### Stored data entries
·····

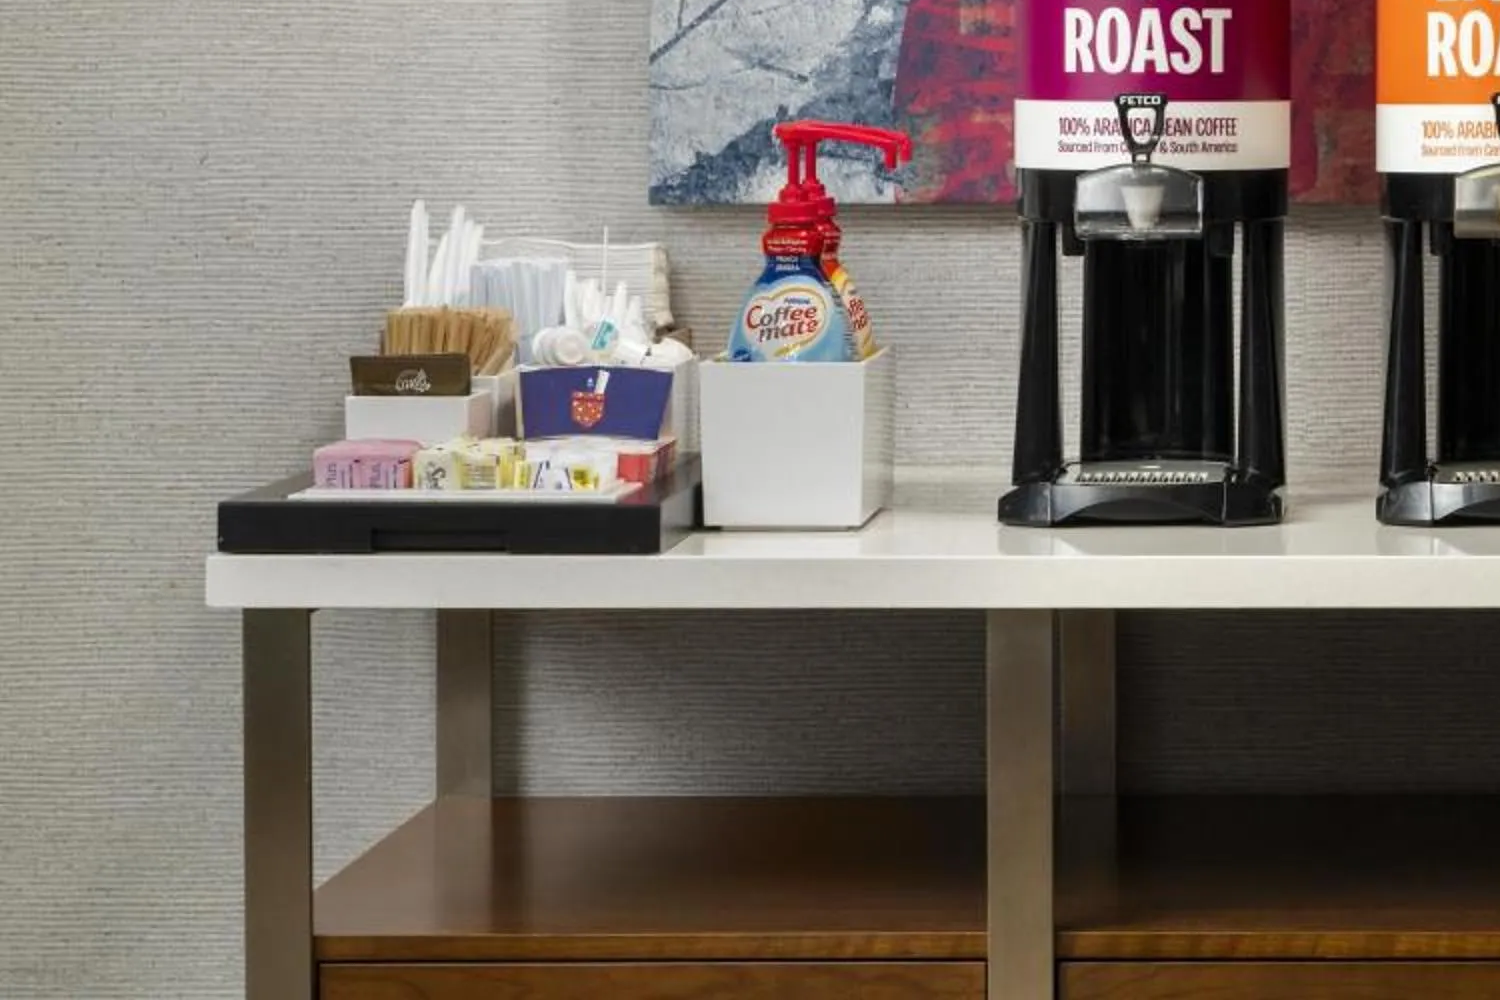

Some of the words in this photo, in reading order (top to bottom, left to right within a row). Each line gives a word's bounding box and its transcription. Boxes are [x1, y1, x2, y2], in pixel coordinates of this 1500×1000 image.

[1063, 6, 1233, 75] ROAST
[1119, 94, 1162, 106] FETCO
[1058, 116, 1091, 138] 100%
[1093, 116, 1151, 138] ARAICA
[1163, 116, 1193, 137] EAN
[1195, 116, 1238, 137] COFFEE
[1420, 119, 1454, 140] 100%
[746, 305, 818, 329] Coffee
[758, 319, 819, 343] mate

·····

Would it be possible to print the records above verbatim, pictures omitted?

### TASK ANSWER
Some of the words in this photo, in reading order (top to bottom, left to right within a row). Each line gives a word's bounding box and its transcription. Boxes are [x1, y1, x2, y2], in pixel coordinates of this 1500×1000 image.

[1063, 6, 1233, 75] ROAST
[1119, 94, 1162, 106] FETCO
[1058, 116, 1091, 138] 100%
[1093, 116, 1151, 138] ARAICA
[1163, 116, 1193, 137] EAN
[1195, 116, 1238, 137] COFFEE
[1420, 119, 1454, 140] 100%
[746, 305, 818, 329] Coffee
[758, 319, 819, 343] mate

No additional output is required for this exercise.